What to work on: Apart from the pictures, write out all the records exactly.

Images for object localization:
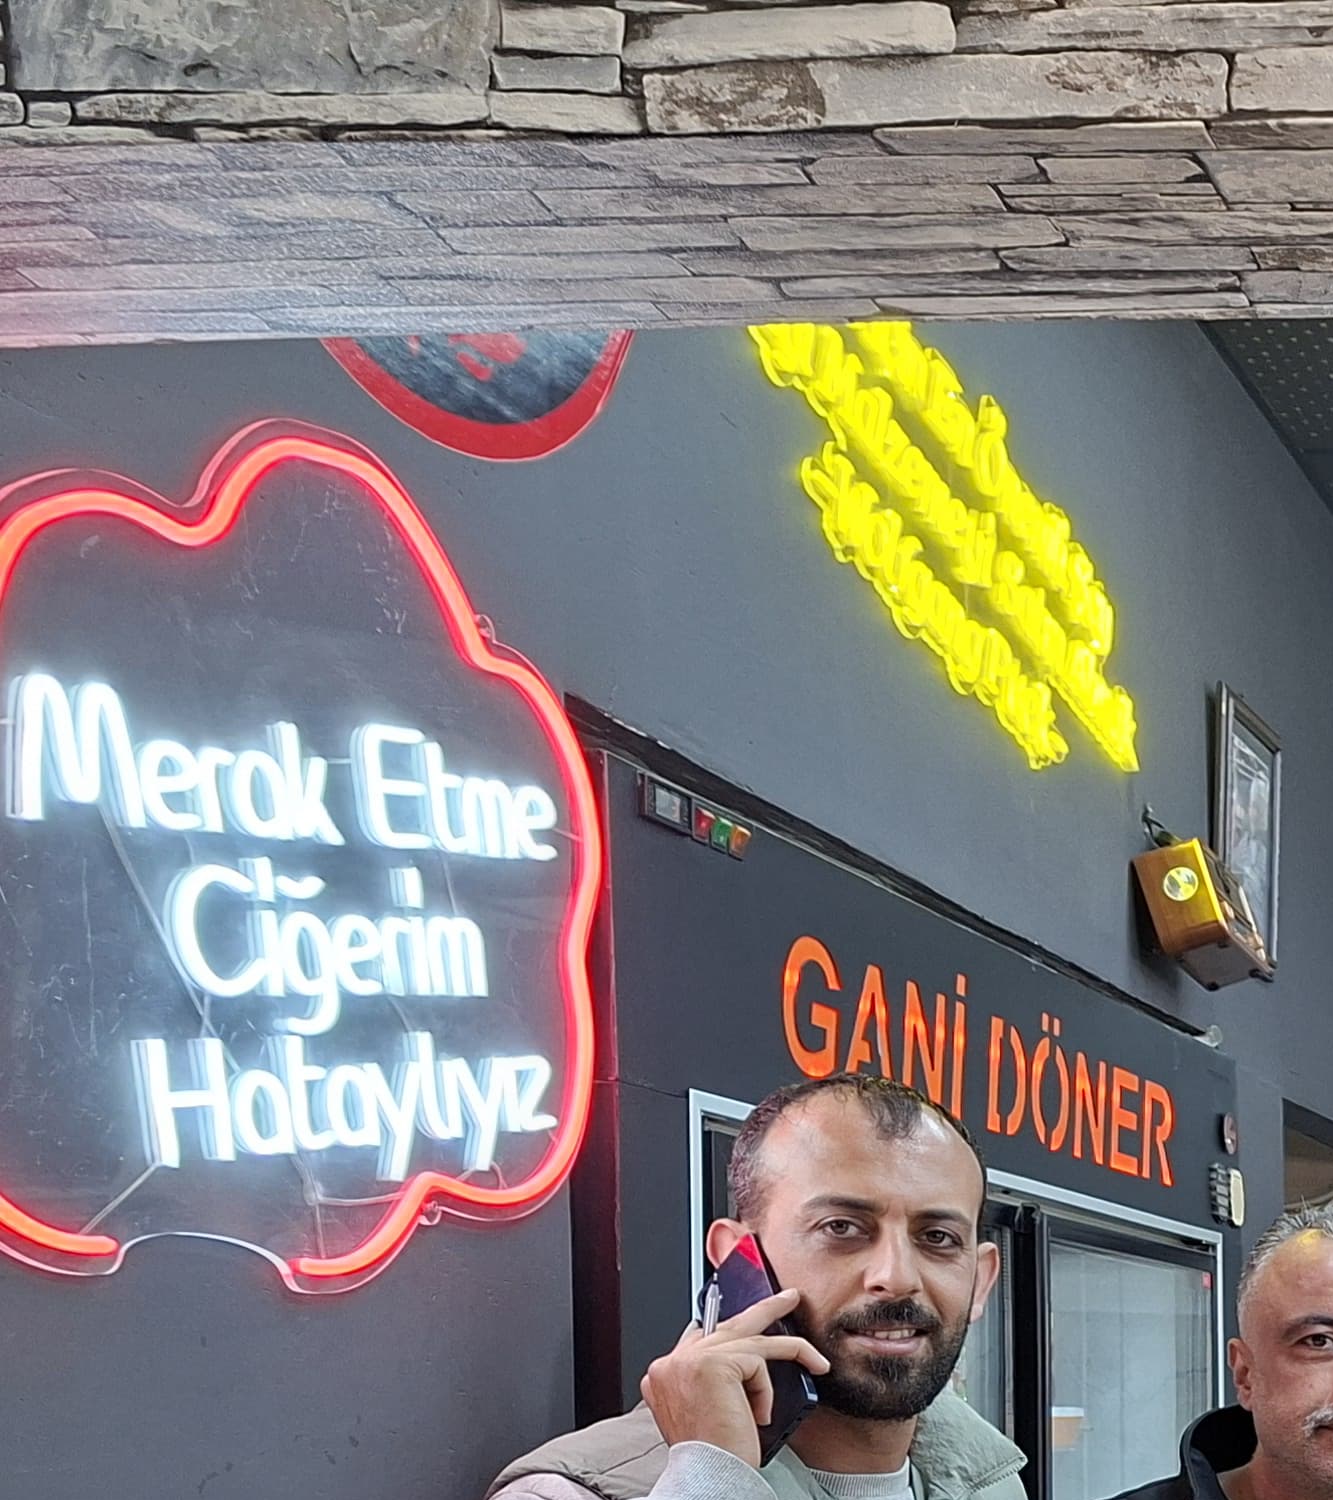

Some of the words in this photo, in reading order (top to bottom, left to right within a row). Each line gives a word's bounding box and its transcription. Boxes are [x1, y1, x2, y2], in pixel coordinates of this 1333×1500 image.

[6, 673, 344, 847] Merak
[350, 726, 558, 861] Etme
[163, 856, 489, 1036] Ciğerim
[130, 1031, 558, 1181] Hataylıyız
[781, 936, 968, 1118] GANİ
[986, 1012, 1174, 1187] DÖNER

Response:
Some of the words in this photo, in reading order (top to bottom, left to right within a row). Each line gives a word's bounding box and its transcription. Boxes are [x1, y1, x2, y2], in pixel coordinates of this 1333×1500 image.

[6, 673, 344, 847] Merak
[350, 726, 558, 861] Etme
[163, 856, 489, 1036] Ciğerim
[130, 1031, 558, 1181] Hataylıyız
[781, 936, 968, 1118] GANİ
[986, 1012, 1174, 1187] DÖNER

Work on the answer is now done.